An altitude and distance correction to the source fluence distribution of TGFs.

The source fluence distribution of terrestrial gamma ray flashes (TGFs) has been extensively discussed in recent years, but few have considered how the TGF fluence distribution at the source, as estimated from satellite measurements, depends on the distance from satellite foot point and assumed production altitude. As the absorption of the TGF photons increases significantly with lower source altitude and larger distance between the source and the observing satellite, these might be important factors. We have addressed the issue by using the tropopause pressure distribution as an approximation of the TGF production altitude distribution and World Wide Lightning Location Network spheric measurements to determine the distance. The study is made possible by the increased number of Ramaty High Energy Solar Spectroscopic Imager (RHESSI) TGFs found in the second catalog of the RHESSI data. One find is that the TGF/lightning ratio for the tropics probably has an annual variability due to an annual variability in the Dobson-Brewer circulation. The main result is an indication that the altitude distribution and distance should be considered when investigating the source fluence distribution of TGFs, as this leads to a softening of the inferred distribution of source brightness.

1. Introduction

Ever since the discovery of terrestrial gamma ray flashes(TGFs) about 20 years ago [Fishman et al., 1994], they have been known to be connected to thunderstorms. However, the predicted altitude of TGF production has changed significantly over the years, from more than 30 km [Fishman et al., 1994] to less than 15 km [Dwyer et al., 2012; Dwyer and Smith, 2005; Carlson et al., 2007]. TGFs are now expected to be produced within the thunderstorm. As the tropopause constitutes the upper limit for most clouds and the positive layer of a thundercloud can be expected to be close to the top of the thundercloud, the tropopause pressure distribution has been used as an approximation for the TGF production altitude distribution. Some clouds with exceptionally strong updraft might overshoot the tropopause. Liu and Zipser [2005] found that around 9000 deep convective systems were overshooting the tropopause, as defined in this paper, during 5 years. In the same years, Lightning Imaging Sensor (LIS) onboard the same satellite measured around 1.2 million thunderstorms. This means that around 0.8% of all thunderstorms within ± 35° latitude has overshooting clouds. Even if the overshooting thunderstorms might have 2–4 times as many flashes as more shallow thunderstorms [Liu and Zipser, 2005], this indicate that only a small population of events are from overshooting clouds.

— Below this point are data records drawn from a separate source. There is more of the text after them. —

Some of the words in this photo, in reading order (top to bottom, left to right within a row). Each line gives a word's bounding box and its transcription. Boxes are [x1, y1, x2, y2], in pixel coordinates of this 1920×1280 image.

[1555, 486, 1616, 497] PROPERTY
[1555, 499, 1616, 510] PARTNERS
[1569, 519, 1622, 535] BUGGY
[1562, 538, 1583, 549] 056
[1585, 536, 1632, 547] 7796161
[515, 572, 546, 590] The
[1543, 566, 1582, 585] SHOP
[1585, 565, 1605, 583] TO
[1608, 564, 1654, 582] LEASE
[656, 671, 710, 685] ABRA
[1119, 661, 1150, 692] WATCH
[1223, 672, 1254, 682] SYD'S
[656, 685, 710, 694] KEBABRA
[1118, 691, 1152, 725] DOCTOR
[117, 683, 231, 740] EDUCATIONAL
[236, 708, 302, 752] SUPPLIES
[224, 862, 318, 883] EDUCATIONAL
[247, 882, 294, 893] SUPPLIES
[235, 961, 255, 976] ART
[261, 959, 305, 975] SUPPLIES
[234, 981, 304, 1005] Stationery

The pressure and altitude of the tropopause are highly variable in both space and time. They varies with surface temperature, solar radiation, updrafts, and atmospheric water content. The general global pattern is a high tropopause in the tropics (up to about 16 km altitude) that becomes lower with increasing latitude (around 8 km altitude at the poles). For a given location, the annual mean usually differs up to 0.5 km between years, while the monthly mean varies around 1 km over a year [Seidel and Randel, 2006]. The day-to-day variability for a given location has a mean of 45 hPa or 1.4 km but can be as much as 2 km [Seidel and Randel, 2006]. The altitude and pressure of the tropopause are important for establishing how much air the gamma rays have to go through to reach satellite altitude. Furthermore, this can help us to estimate more precisely how many photons are produced in each TGF.

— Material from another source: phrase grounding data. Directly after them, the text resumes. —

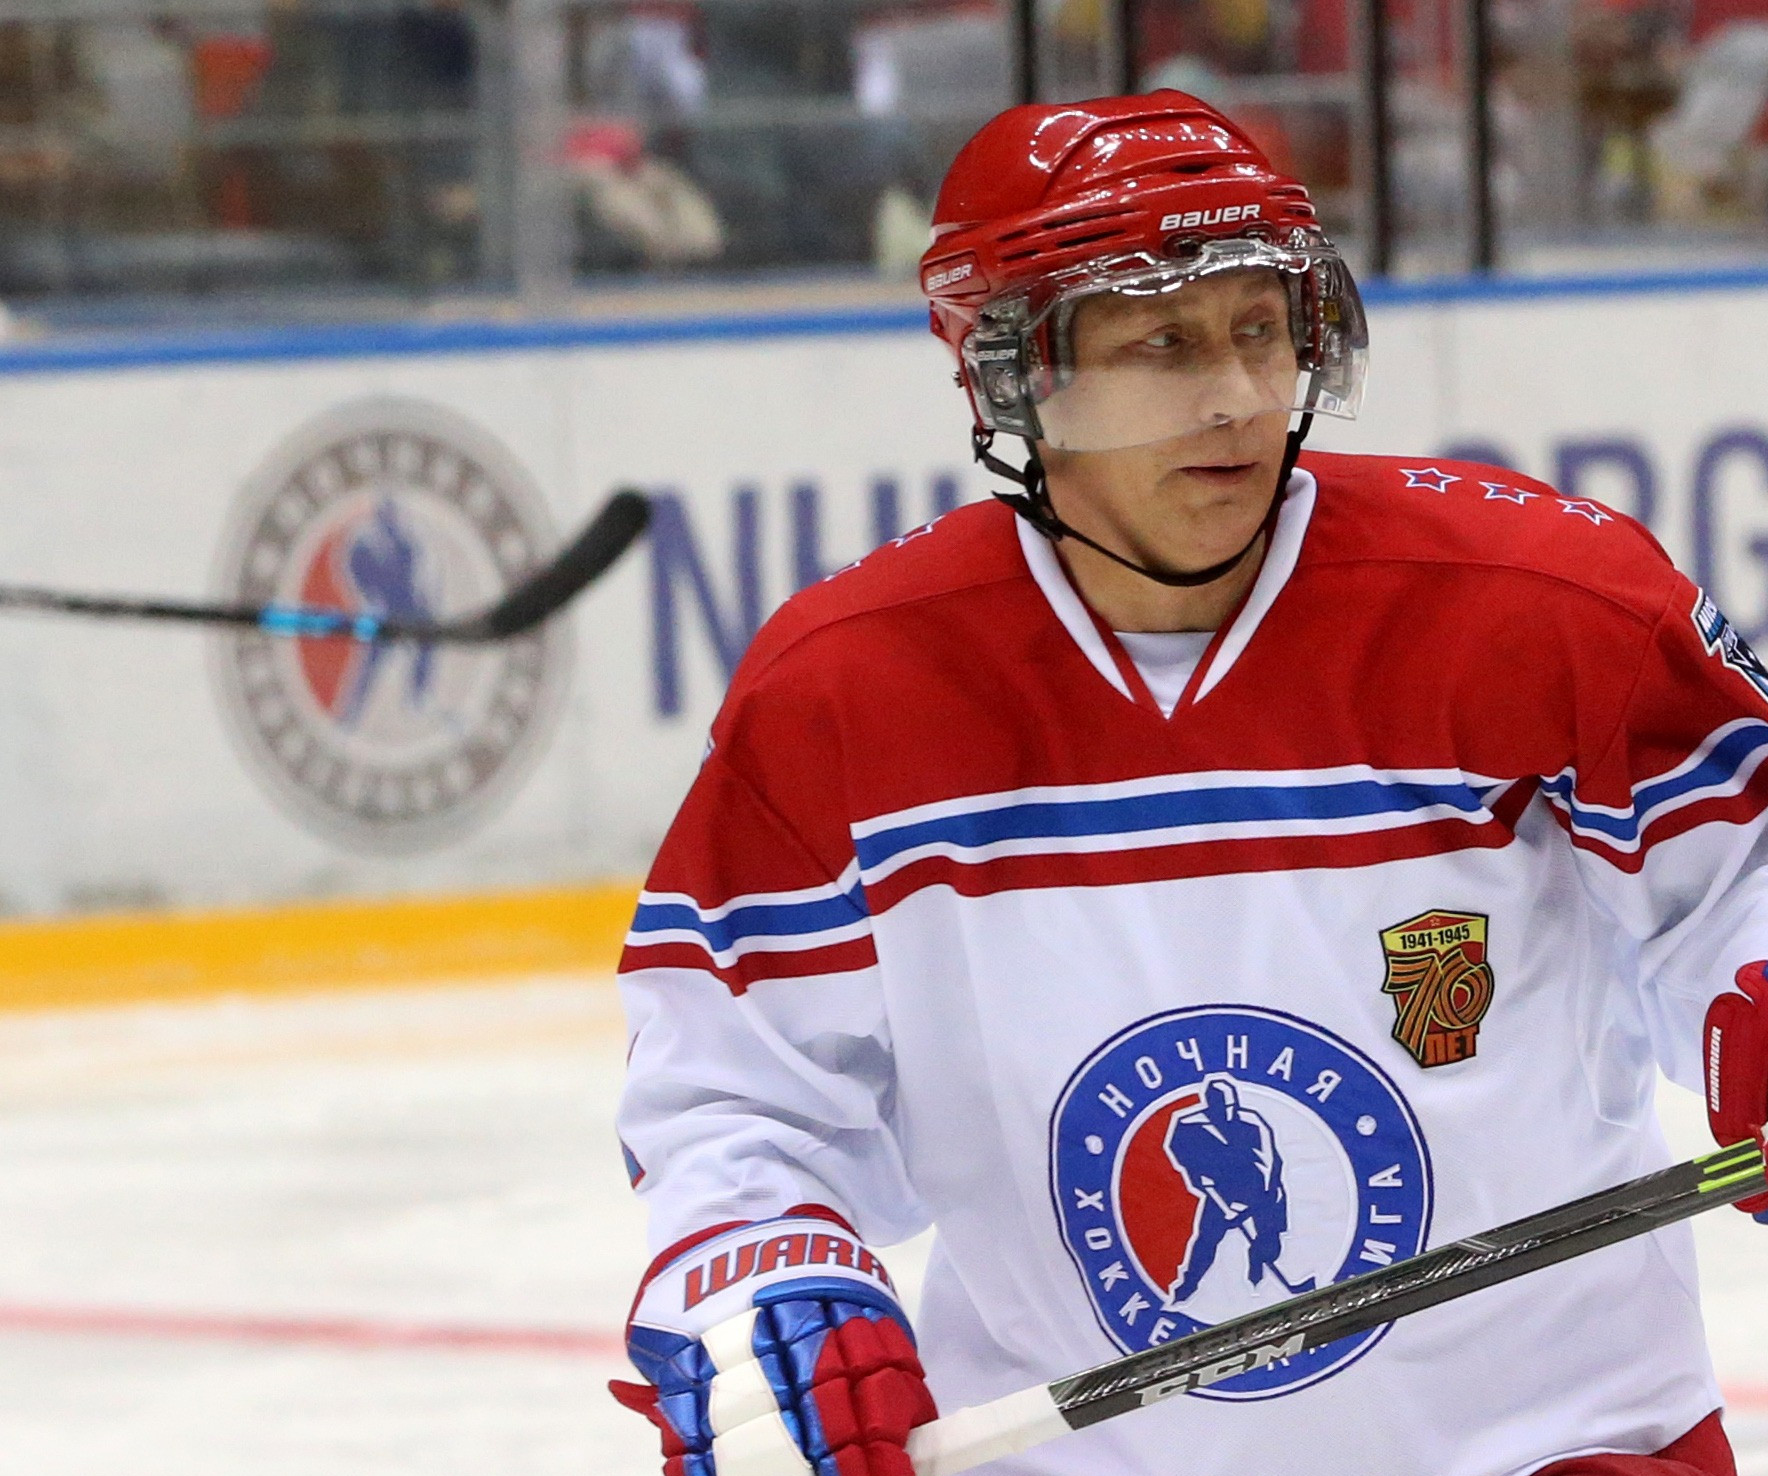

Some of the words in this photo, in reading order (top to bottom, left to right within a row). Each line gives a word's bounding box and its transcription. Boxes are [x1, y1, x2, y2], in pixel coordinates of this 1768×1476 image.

[1159, 203, 1261, 231] BAUER
[1400, 924, 1471, 950] 1941-1945
[1383, 947, 1494, 1061] 70
[1098, 1034, 1343, 1118] НОЧНАЯ
[1350, 1163, 1404, 1278] ИГА
[683, 1233, 899, 1312] WARR
[1135, 1332, 1307, 1406] CCM

The first measurements of TGFs were made by the Burst and Transient Source Experiment on board the Compton Gamma Ray Observatory [Fishman et al., 1994]. Later observations were made by the Reuven Ramaty High Energy Solar Spectroscopic Imager (RHESSI), the Gamma-ray Burst Monitor on board the Fermi Gamma-ray Space Telescope and the Astrorivelatore Gamma a Immagini Leggero satellite [Dwyer et al., 2012].

The first catalog of TGFs measured by RHESSI was reported by Grefenstette et al. [2009], and later, a new search algorithm for finding TGFs in the data set was developed by Gjesteland et al. [2012] (second catalog). For data between 2002 and 2011 the new search algorithm found around 2500 TGFs compared to the 900 in the first catalog. This increase in numbers also give us a larger number of TGFs with a corresponding spheric match from the World Wide Lightning Location Network (WWLLN) as described in Gjesteland et al. [2012], especially after 2007 when WWLLN increased their detection efficiency [Collier et al., 2011].

In this paper we first describe the method used to find the tropopause at the time and place of the TGFs and compare the method to the previous work by Smith et al. [2010]. We will then compare the first and second catalog of RHESSI TGFs. Finally, we will use the tropopause distribution as an approximation of the TGF production altitude distribution and, when adjusting for the altitude and distance, estimate the fluence distribution at the source. Carlson et al. [2012] addressed how the source fluence distribution looks like but only addressed the source distance from the satellite observation using a constant production altitude. This paper expand that work to also include the estimated relative altitude distribution of the TGF source.

2. Method

We used tropopause pressure data from the National Centers for Environmental Prediction (NCEP)/National Center for Atmospheric Research (NCAR) 40 years reanalysis from NOAA/Earth System Research Laboratory (ESRL), an empirical model based on weather data Kalnay et al. [1996]. The NCEP/NCAR Reanalysis data are provided by the NOAA/OAR/ESRL Physical Science Division, Boulder, Colorado, USA, from their Web site at http://www.esrl.noaa.gov/psd/. The Reanalysis data provided are on a horizontal grid of 2.5×2.5°, and at several pressure levels including the tropopause level. The tropopause is defined by the standard definition from the World Meteorological Organization's Commission of Aerology [Seidel and Randel, 2006], and the model provides the temperature and pressure at the tropopause. We chose to use the pressure as a measure of the tropopause altitude, as this enables us to directly find the amount of air above the tropopause. The NCEP/NCAR reanalysis has been found to give slightly too high tropopause pressures in the tropics. In an analysis by Randel et al. [2000] they found a mean error of about 4 hPa with little or no seasonal dependence for 26 stations, while Kaladis et al. [2001] found a small annual variability using only one station. The error is assumed to be related to how the satellite measurements are implemented into the model [Kaladis et al., 2001].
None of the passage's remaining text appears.